February 5, 1903, appellees filed their bill, in the circuit court of Cook county against appellant, praying for his removal as trustee and for the appointment of a successor, and an accounting by said appellant as such trustee. The bill alleged that appellant was trustee under the will of appellees’ mother, and as such trustee was possessed of certain real estate in the city of Chicago and in Waukegan in which appellees had the beneficial use, and that appellant refused to account to them or to pay them the proceeds of such property or any part thereof, and was converting the same to his own use; that appellant had not given a sufficient bond, and that he had threatened to sell the trust property under the supposed power given him by the will, and that appellant was irresponsible. Appellant answered the bill, admitting that he was trustee and possessed of the properties mentioned in the bill, but denying the allegations of the bill as to his refusal or failure to account to appellees, and alleged, on the contrary, that he had paid them the monthly rents, or such portion thereof as was in excess of the taxes, insurance and repairs, and in his answer rendered an account. The cause was heard, as far as we can tell from the record, before the court, but there is no certificate of evidence and no question of fact raised. The court construed the will, and held that by its terms and provisions appellees had a vested estate in fee simple in the real estate held by said trustee, and that appellees were the owners thereof in equal shares in common, and that the supposed trust created by the will in favor of appellant and under which, he assumed to act was in the nature of a naked trust, to continue which would be to needlessly and without reason separate the legal from the beneficial or equitable interest in such real estate, and required the trustee to account, and ordered his removal, and enjoined him from disposing of any of the real estate under the provisions of the will. From this order appellant appeals, and insists that the court erred in holding that the will created in' him only a naked trust and in requiring him to convey said real estate to the appellees, and in not holding that the trust was valid and to continue for the space of five years from the probate of the will.

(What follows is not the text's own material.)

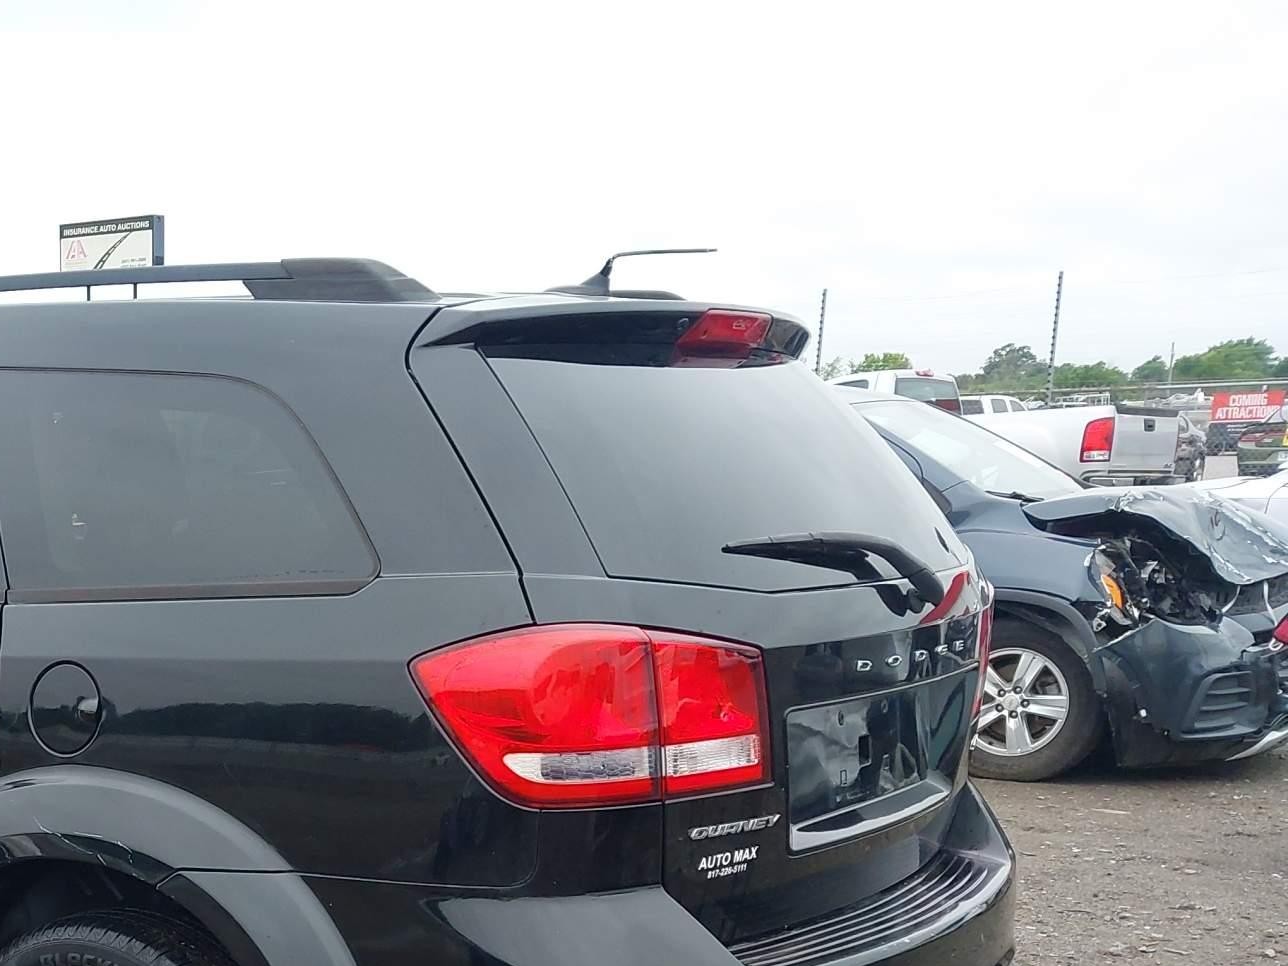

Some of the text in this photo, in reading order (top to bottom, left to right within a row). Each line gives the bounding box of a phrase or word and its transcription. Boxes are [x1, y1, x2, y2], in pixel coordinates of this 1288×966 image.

[63, 220, 150, 237] INSURANCE AUTO AUCTIONS
[1229, 393, 1268, 406] COMING
[698, 846, 759, 871] AUTO MAX

From allegations of the bill and the decree it appears that Mary Ferguy, the mother of appellees, died testate December 25,1900, and that her will was filed and admitted to probate in the probate court of Cook county January 2, 1901, and that the appellant accepted the duties and office of executor and trustee under the will; that appellees are the sole heirs-at-law and next of kin of the said Mary Ferguy, the testatrix.

The will contained six general clauses. The first clause provided for the payment of debts and funeral expenses. The second provided for the payment of a certain sum for masses. The third provided for a monument for the testatrix and her husband, and the remaining portions of the will are as follows:

“Fourth—I order and direct my executor, as soon after my death as he thinks it advisable, to sell my real estate which I own in Waukegan, Lake county, Illinois, and Chicago, Illinois; also all other property, wheresoever found, which I may die possessed of, and to re-invest the same as in his judgment may seem best for my estate, and to convey by a good and sufficient deed of conveyance any property, both real and personal, for the purpose of carrying out my requests.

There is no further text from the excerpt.